- _TASK TO CARRY OUT_
Repeat each entry exactly. Drop every image.

+++ EXTRACTED RECORDS

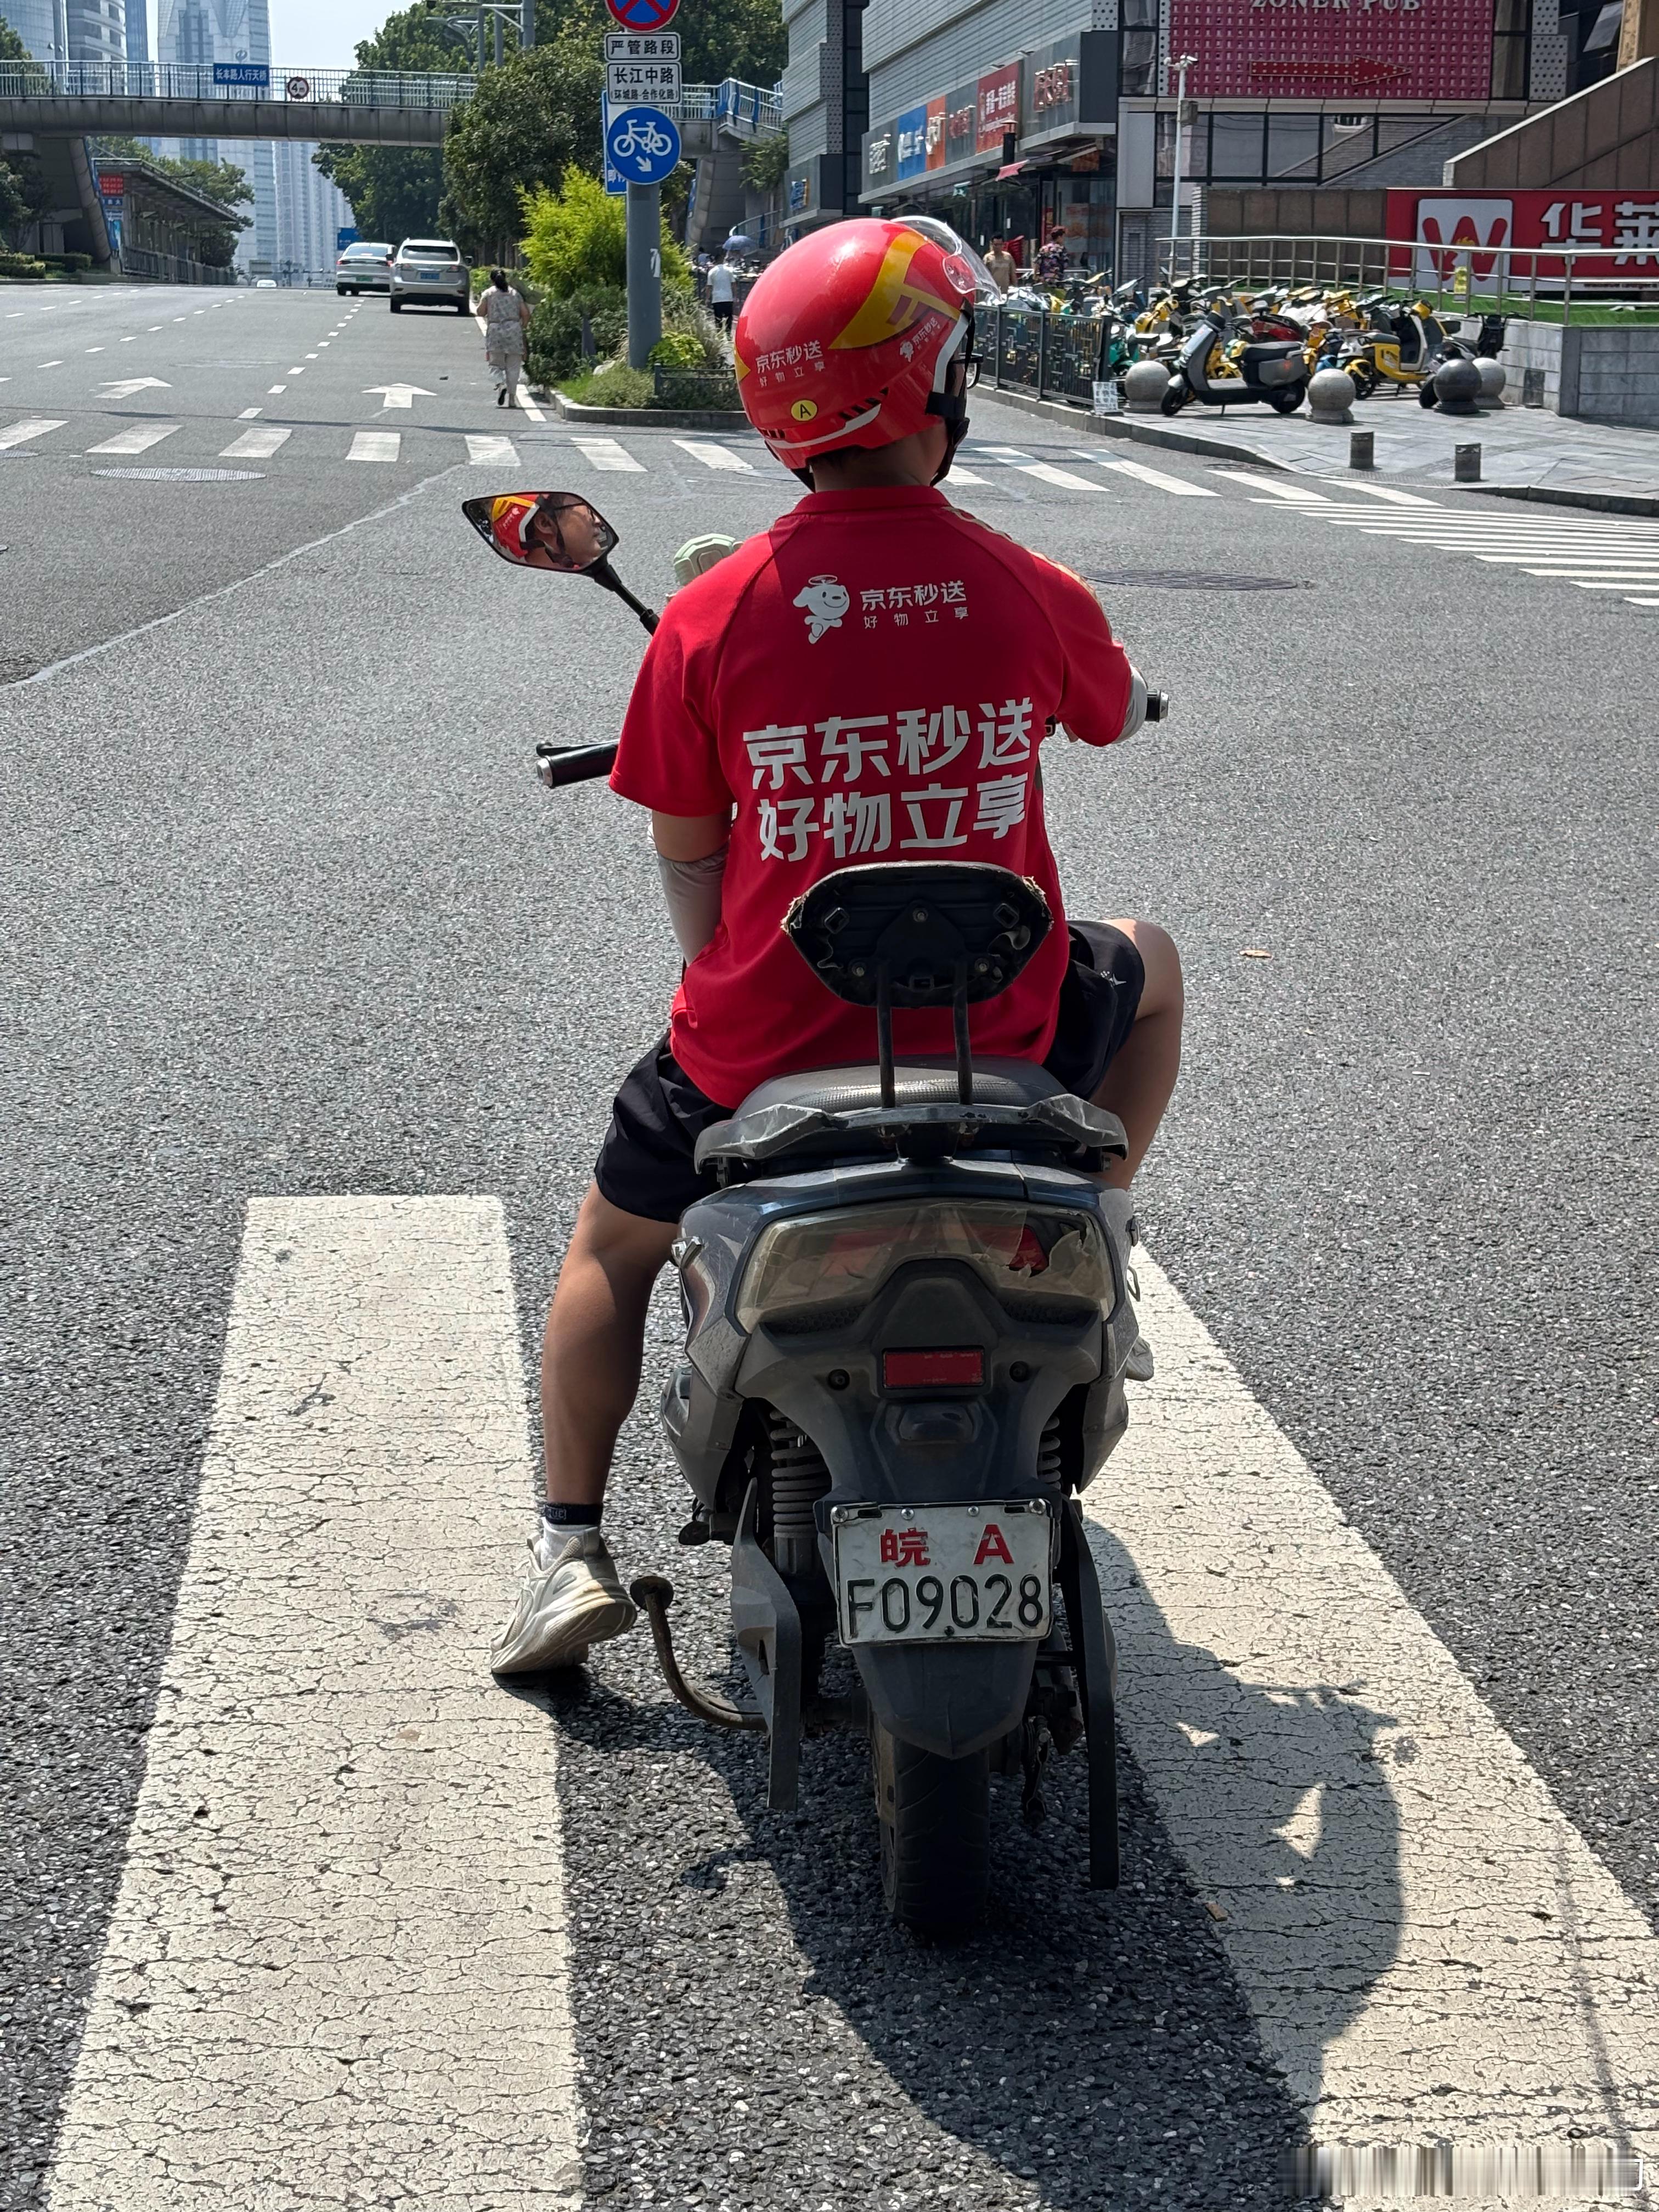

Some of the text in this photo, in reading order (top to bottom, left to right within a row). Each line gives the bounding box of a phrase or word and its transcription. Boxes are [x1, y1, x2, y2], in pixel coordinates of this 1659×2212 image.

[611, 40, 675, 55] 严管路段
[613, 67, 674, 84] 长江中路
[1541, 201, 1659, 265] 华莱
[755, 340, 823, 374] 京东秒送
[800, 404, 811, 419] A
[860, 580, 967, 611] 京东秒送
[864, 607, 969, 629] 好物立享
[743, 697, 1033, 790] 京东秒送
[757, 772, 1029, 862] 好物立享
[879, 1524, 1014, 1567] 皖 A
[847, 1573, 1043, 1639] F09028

++++++

- _RESULT OF THIS EXERCISE_
Some of the text in this photo, in reading order (top to bottom, left to right within a row). Each line gives the bounding box of a phrase or word and its transcription. Boxes are [x1, y1, x2, y2], in pixel coordinates of this 1659×2212 image.

[611, 40, 675, 55] 严管路段
[613, 67, 674, 84] 长江中路
[1541, 201, 1659, 265] 华莱
[755, 340, 823, 374] 京东秒送
[800, 404, 811, 419] A
[860, 580, 967, 611] 京东秒送
[864, 607, 969, 629] 好物立享
[743, 697, 1033, 790] 京东秒送
[757, 772, 1029, 862] 好物立享
[879, 1524, 1014, 1567] 皖 A
[847, 1573, 1043, 1639] F09028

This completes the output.